Fig. 2. TRIM25 facilitates ERAD and reduces ER stress induced ROS levels in tumor cells.

a Western blot analysis of the levels of CD3-δ-YFP in HCT116 cells with control (shNC) or stable knockdown of TRIM25. b, c Half-life of CD3-δ-YFP in HCT116 cells with control or stable knockdown of TRIM25, treated with cycloheximide (CHX) at the indicated times and analyzed by western blot. Representative western blot (b) and quantified graph (c) are shown. In b, the exposures of the corresponding control and TRIM25-knockdown blots were adjusted to achieve comparable levels of CD3-δ-YFP at time 0. d, e Half-life of CD3-δ-YFP in control and F-TRIM25-expressing HCT116 cells pre-treated with TG (1 μM) for 6 h, then treated with cycloheximide (CHX) at the indicated times and analyzed by western blot.

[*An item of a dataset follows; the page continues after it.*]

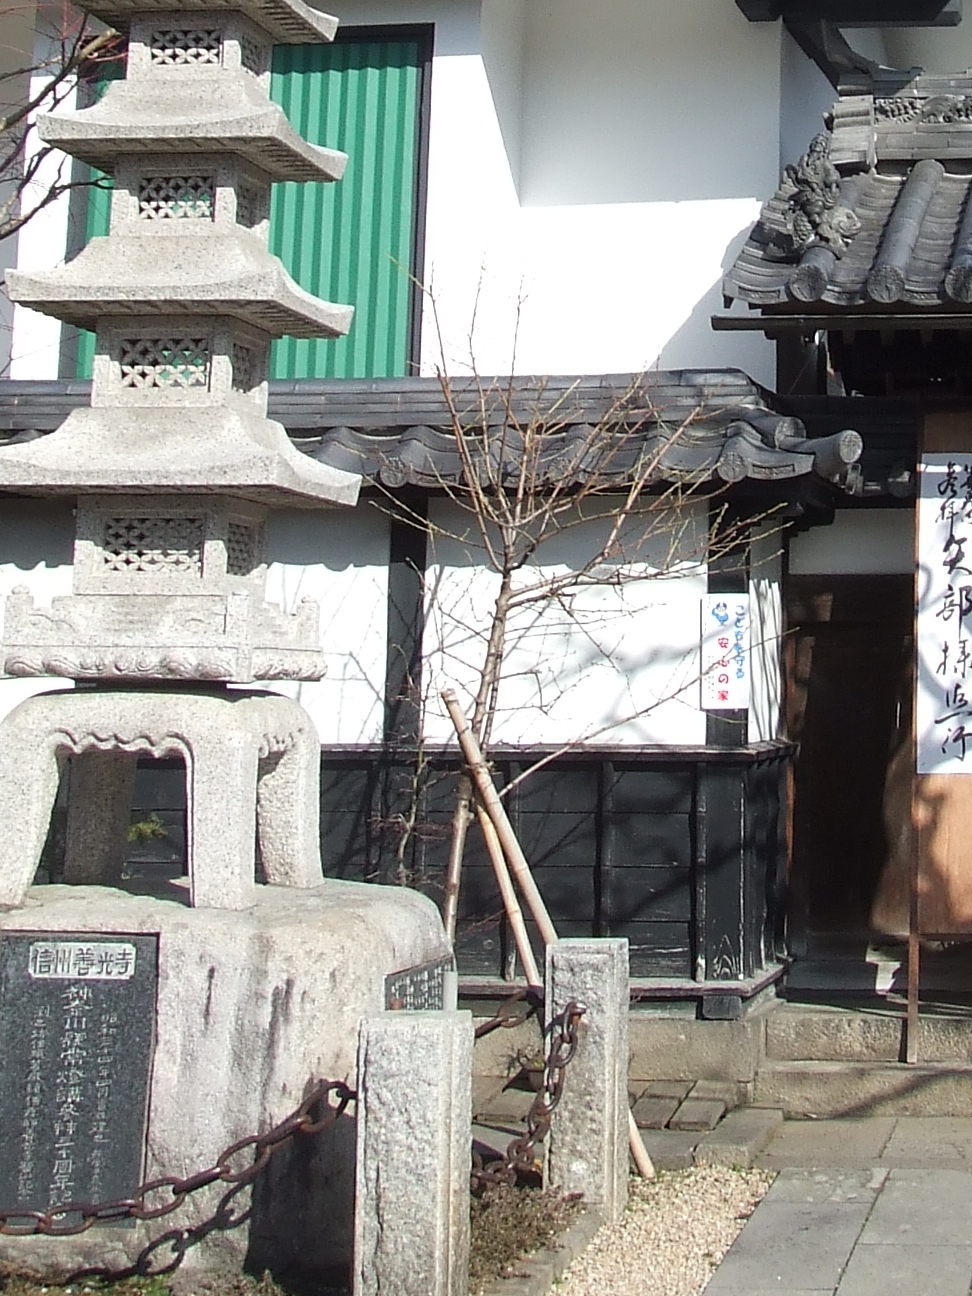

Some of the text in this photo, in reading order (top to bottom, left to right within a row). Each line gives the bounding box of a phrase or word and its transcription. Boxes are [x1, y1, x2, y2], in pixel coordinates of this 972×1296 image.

[31, 948, 133, 976] 信州善光寺

Representative western blot (d) and quantified graph (e) are shown. In d, the exposures of the corresponding control and F-TRIM25-expressing blots were adjusted to achieve comparable levels of CD3-δ-YFP at time 0. f–h Flow cytometry analysis of ROS levels in control and F-TRIM25-expressing Huh7 cells treated with TM (5 μg/ml) (f) or TG (1 μM) (g) for 6 h, and quantified data is shown as (h). i Relative ROS levels in control and F-TRIM25-expressing HCT116 cells treated with TG (1 μM) for 6 h. j–l Flow cytometry analysis of ROS levels in Huh7 cells for control and stable knockdown of TRIM25 treated with TM (5 μg/ml) (j) or TG (1 μM) (k) for 6 h, quantified data is shown as (l). For c, e, h, i and l, data represent the mean ± SEM (n = 3). Statistical significance was assessed using two-tailed Student’s t-tests.